The Medical Journal of Australia has just published a commissioned paper on euthanasia and assisted suicide by one of America’s leading bioethicists, Dr Ezekiel Emanuel. Emanuel is not a palaeo-conservative. A brother of Obama’s former chief-of-staff, Rahm Emanuel, a fellow at the Center for American Progress, and a professor at the University of Pennsylvania, his liberal credentials are impeccable. However, he regards euthanasia as a “side-show” in the vital discussion of end-of-life care.

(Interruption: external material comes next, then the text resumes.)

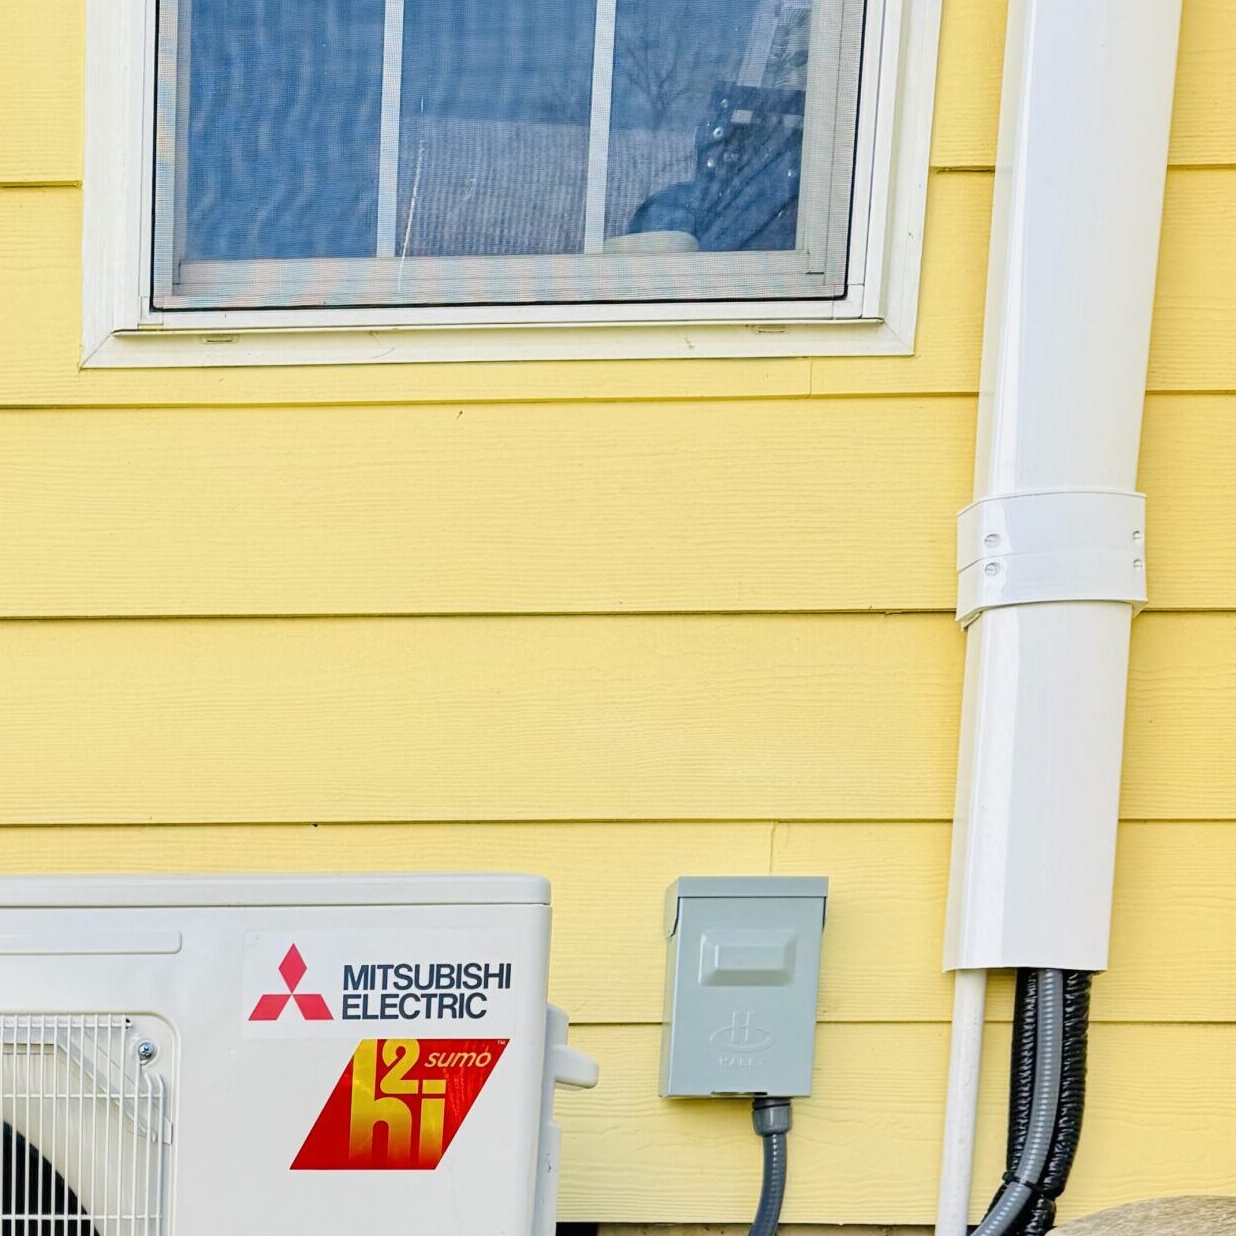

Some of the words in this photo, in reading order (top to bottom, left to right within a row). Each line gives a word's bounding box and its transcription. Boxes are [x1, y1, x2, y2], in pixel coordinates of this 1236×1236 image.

Emanuel cites the data from places where euthanasia and physician-assisted suicide (PAS) are legal and notes that premature death by the methods employed are rare. While rarity is a matter of degree and interpretation, it is true to say that the vast majority of people do not seek to access premature death. Emanuel concludes:
“These data mean that the claim that legalising euthanasia and PAS will help solve the problem of poor end-of-life care is erroneous. Euthanasia and PAS do not solve the problem of inadequate symptom management or improving palliative care. These interventions are for the 1% not the 99% of dying patients. We still need to deal with the problem that confronts most dying patients: how to get optimal symptom relief, and how to avoid the hospital and stay at home in the final weeks.
“Legalising euthanasia and PAS is really a sideshow in end-of-life care — championed by the few for the few, extensively covered by the media, but not targeted to improve the care for most dying patients who still suffer.”